È un cambio culturale quello che appare
indispensabile: più della ricerca della soluzione “per morire dopo”, è quella
“per vivere meglio prima” che occorre mettere in primo piano, e
conseguentemente aver di mira “un utilizzo appropriato della medicina, rivolto
non alla negazione ostinata della morte fisica, ma ad agire per preservare il
più possibile” il senso, e la qualità, della vita. E quando la vecchiaia
arriva, non può essere solo la famiglia a provvedere. Occorrono “politiche di
presa in carico organiche, personalizzate, multidisciplinari e continuative, a
prevenire la situazione in cui “l’anziano è tecnicamente assistito ma
moralmente parcheggiato”. Politiche che non renderanno comunque mai superflua
la necessità che il sistema sanitario si ponga delle priorità, stabilendo “chi
curare, che cosa curare e fino a che punto”. Necessità che trova il suo
corrispettivo in quella, pure inderogabile, di “educare non solo alla salute”,
ma anche “al consumo di prestazioni sanitarie”.
Paolo Pagani, I luoghi del pensiero.
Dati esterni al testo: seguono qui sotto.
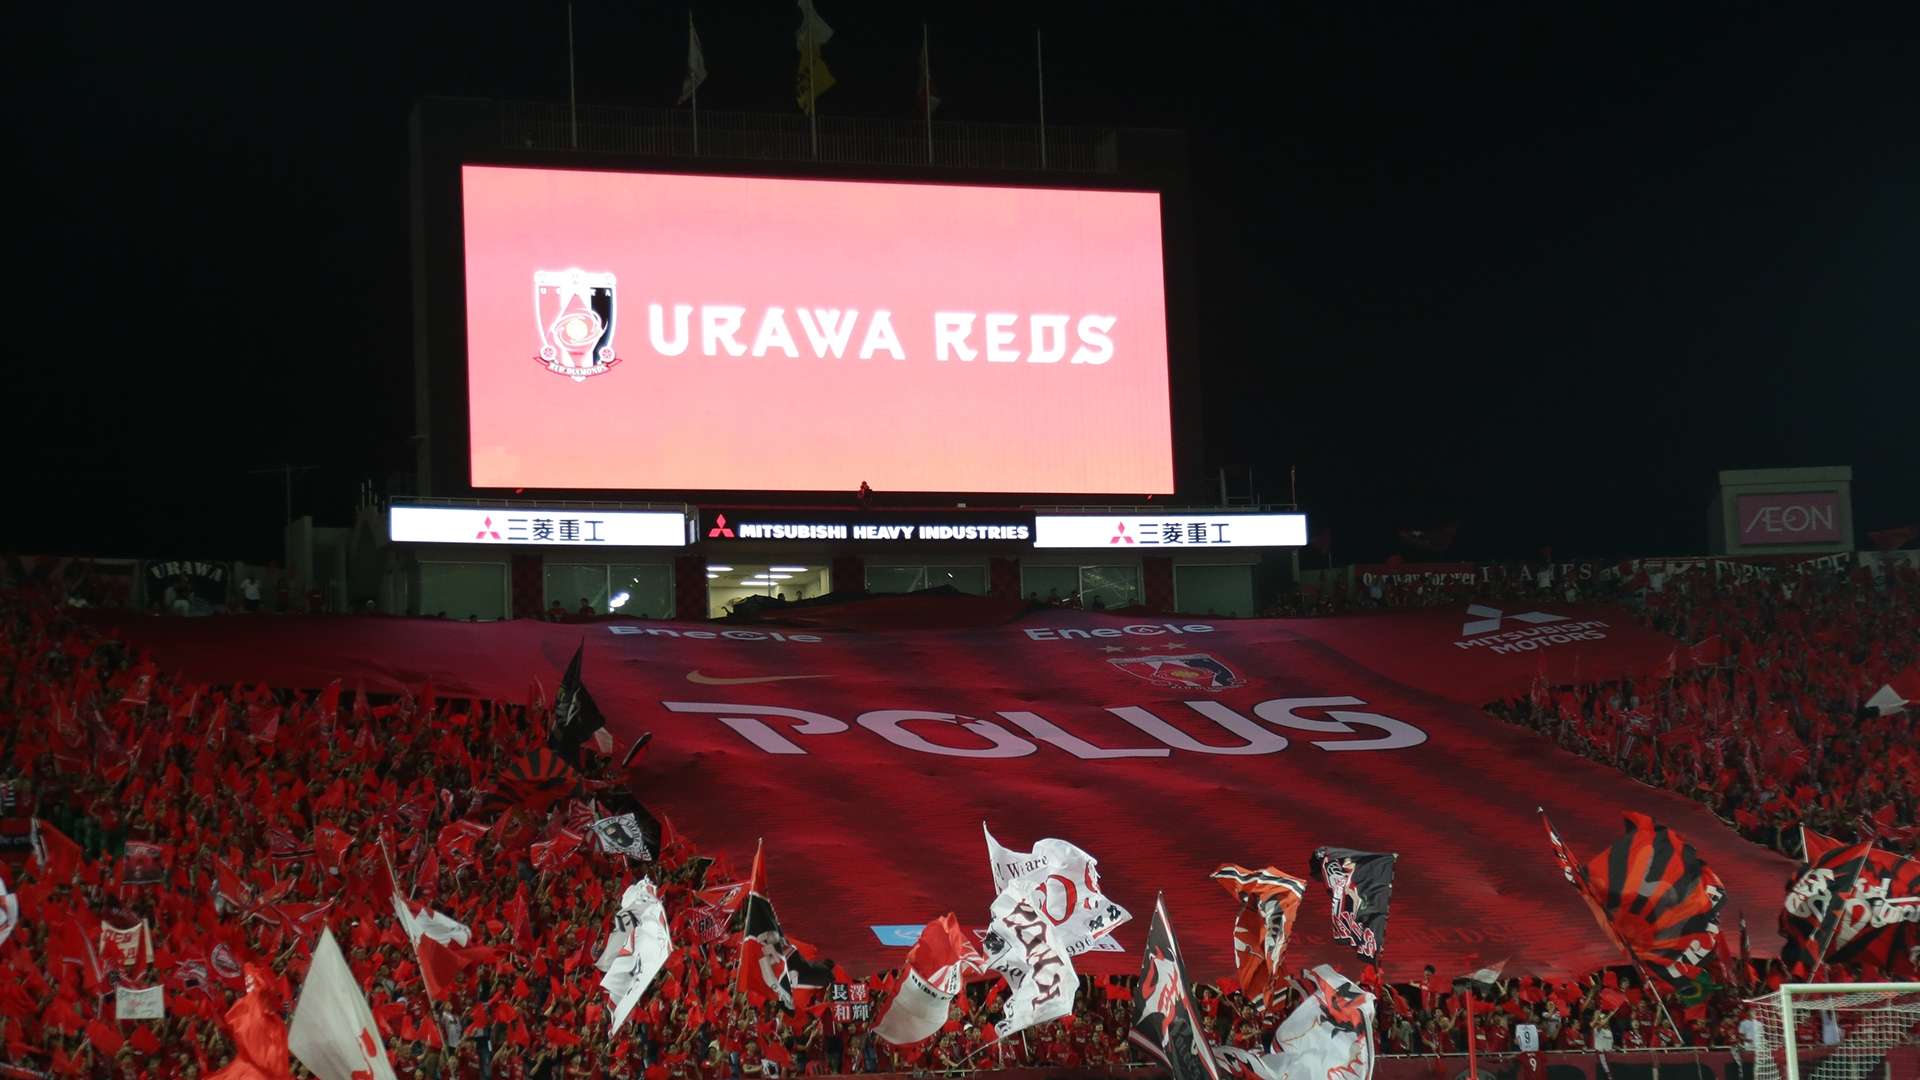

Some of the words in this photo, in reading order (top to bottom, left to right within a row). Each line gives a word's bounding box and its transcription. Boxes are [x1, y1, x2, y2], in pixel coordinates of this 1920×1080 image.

[647, 303, 906, 361] URAWA
[934, 311, 1118, 365] REDS
[506, 518, 606, 542] 三菱重工
[738, 523, 848, 540] MITSUBISHI
[853, 525, 914, 540] HEAVY
[918, 525, 1029, 540] INDUSTRIES
[1138, 522, 1231, 544] 三菱重工
[151, 561, 222, 582] URAWA
[1361, 571, 1389, 586] Or
[1453, 620, 1611, 650] MITSUBISHI
[1489, 630, 1608, 655] MOTORS
[661, 695, 1428, 759] POLUS
[1523, 1030, 1531, 1044] 9
[1528, 1057, 1537, 1072] 9
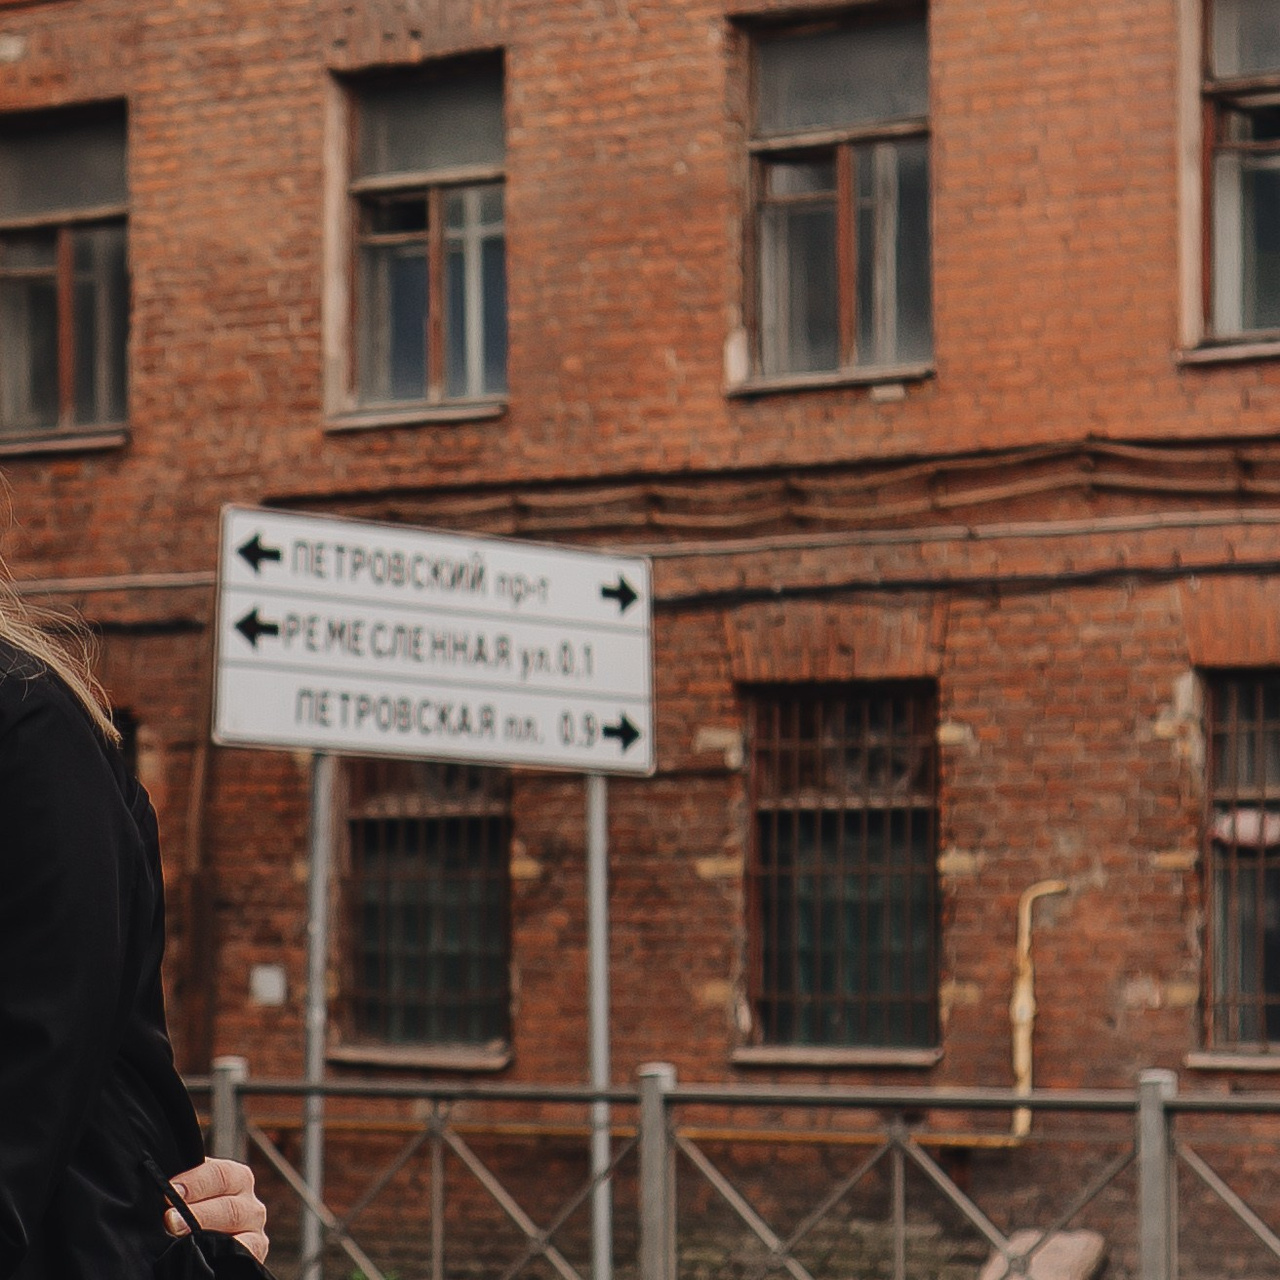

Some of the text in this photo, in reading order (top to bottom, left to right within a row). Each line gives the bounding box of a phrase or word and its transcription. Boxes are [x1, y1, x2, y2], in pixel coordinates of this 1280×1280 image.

Dove sono nate le idee che hanno cambiato il mondo, Neri Pozza (pp. 368, euro 13,50)
“Non è possibile separare l’esposizione del pensiero di
Wittgenstein dal racconto della sua esistenza”, e questo vale anche per gli
altri autori presi in considerazione da questo “itinerario geografico e mentale
insieme”. Una ricognizione storica, topografica e passionale” che non si limita
tuttavia a schierarsi conto chi – con buona pace di Proust – sottovaluta o nega
addirittura il nesso fra opera e biografia: un nesso altrettanto decisivo è
quello che lega il pensiero e il luogo, “l’ambiente in cui le idee prendono
forma”. Per cui non è un semplice frutto della curiosità “Sapere che cosa si
vede da certe finestre” delle case abitate dall’autore del Tractatus, “capire tutte le case spoglie di Ludwig, i suoi alloggi
di fortuna, le scelte di eremitaggio”; oppure “girovagare tra gli ambienti che
hanno fatto da quinta allo scrivere e al leggere” di Thomas Mann, “per cercare
tracce, in quei luoghi, del suo pensare laico; della storia del suo tempo;
delle sue idee sul futuro; della sua etica e della sua estetica”. “Perché c’è
un’aura in ogni luogo, un linguaggio non detto che si impara ad ascoltare”,
“una forza gravitazionale silenziosa e prepotente” cui non si deve resistere.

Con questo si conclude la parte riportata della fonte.